• Exercise requirements
Give again, unchanged, the line that contains "this 1600×1200 image." together with every line that follows it until the entries end.

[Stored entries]
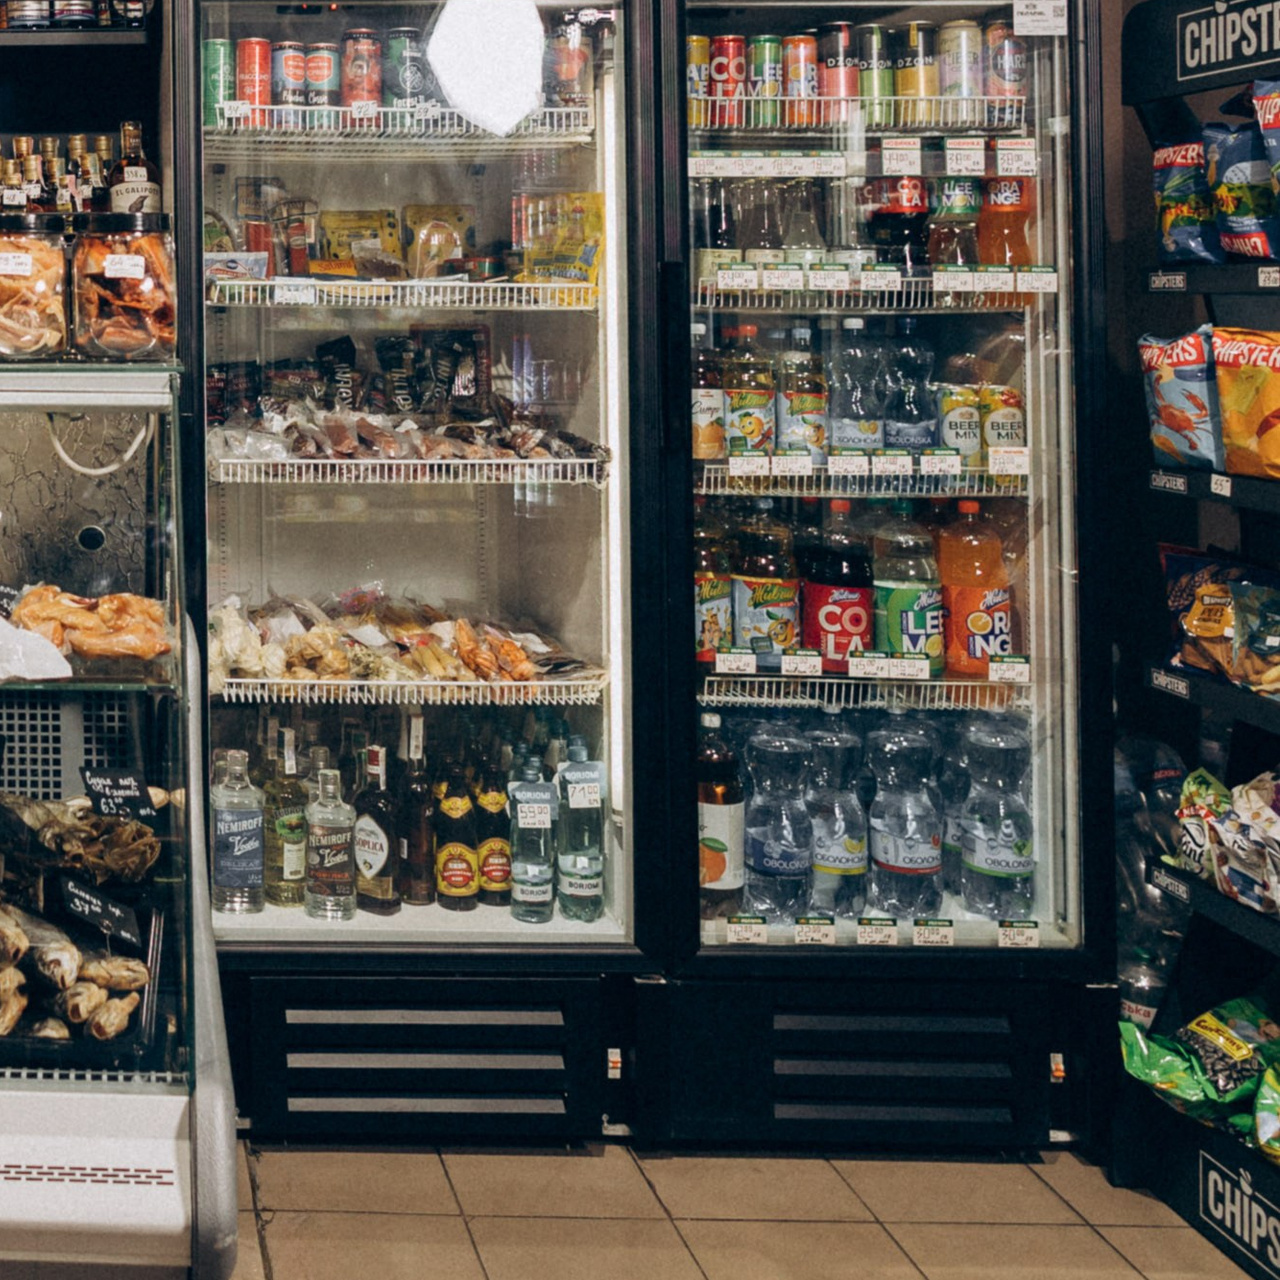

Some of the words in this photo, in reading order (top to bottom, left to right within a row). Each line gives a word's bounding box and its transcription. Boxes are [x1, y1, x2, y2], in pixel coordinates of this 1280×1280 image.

[711, 56, 746, 82] CO
[898, 180, 922, 193] CO
[902, 193, 922, 207] LA
[991, 193, 1022, 206] NGE
[1151, 274, 1186, 289] CHIPSTERS
[949, 420, 980, 431] BEER
[955, 430, 980, 441] MIX
[817, 605, 868, 635] CO
[216, 815, 264, 835] NEMIROFF
[308, 831, 353, 848] NEMIROFF
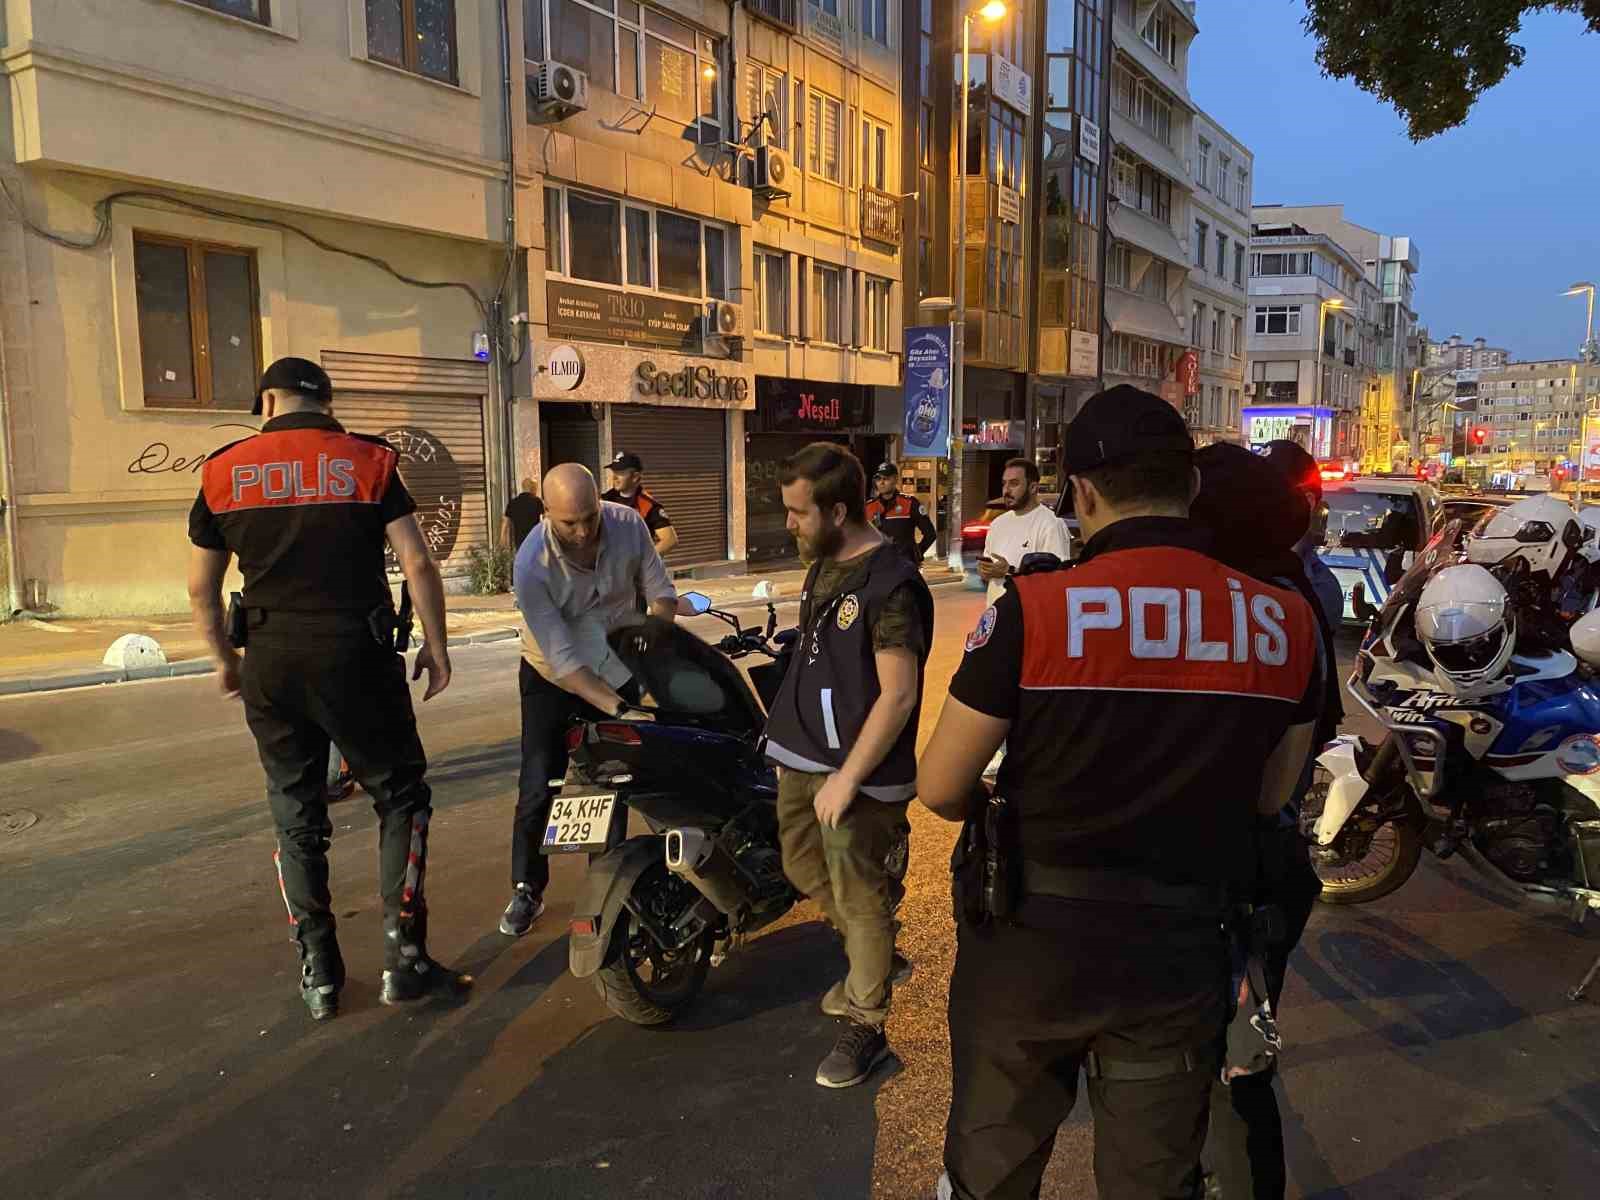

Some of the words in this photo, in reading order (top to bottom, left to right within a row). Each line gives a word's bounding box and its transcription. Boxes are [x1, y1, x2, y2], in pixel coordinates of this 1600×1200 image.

[608, 295, 645, 318] TRIO
[232, 452, 356, 502] POLİS
[1065, 578, 1289, 666] POLİS
[552, 800, 573, 820] 34
[576, 797, 612, 819] KHF
[558, 822, 591, 842] 229

• Answer to this exercise
Some of the words in this photo, in reading order (top to bottom, left to right within a row). Each line gives a word's bounding box and its transcription. Boxes are [x1, y1, x2, y2], in pixel coordinates of this 1600×1200 image.

[608, 295, 645, 318] TRIO
[232, 452, 356, 502] POLİS
[1065, 578, 1289, 666] POLİS
[552, 800, 573, 820] 34
[576, 797, 612, 819] KHF
[558, 822, 591, 842] 229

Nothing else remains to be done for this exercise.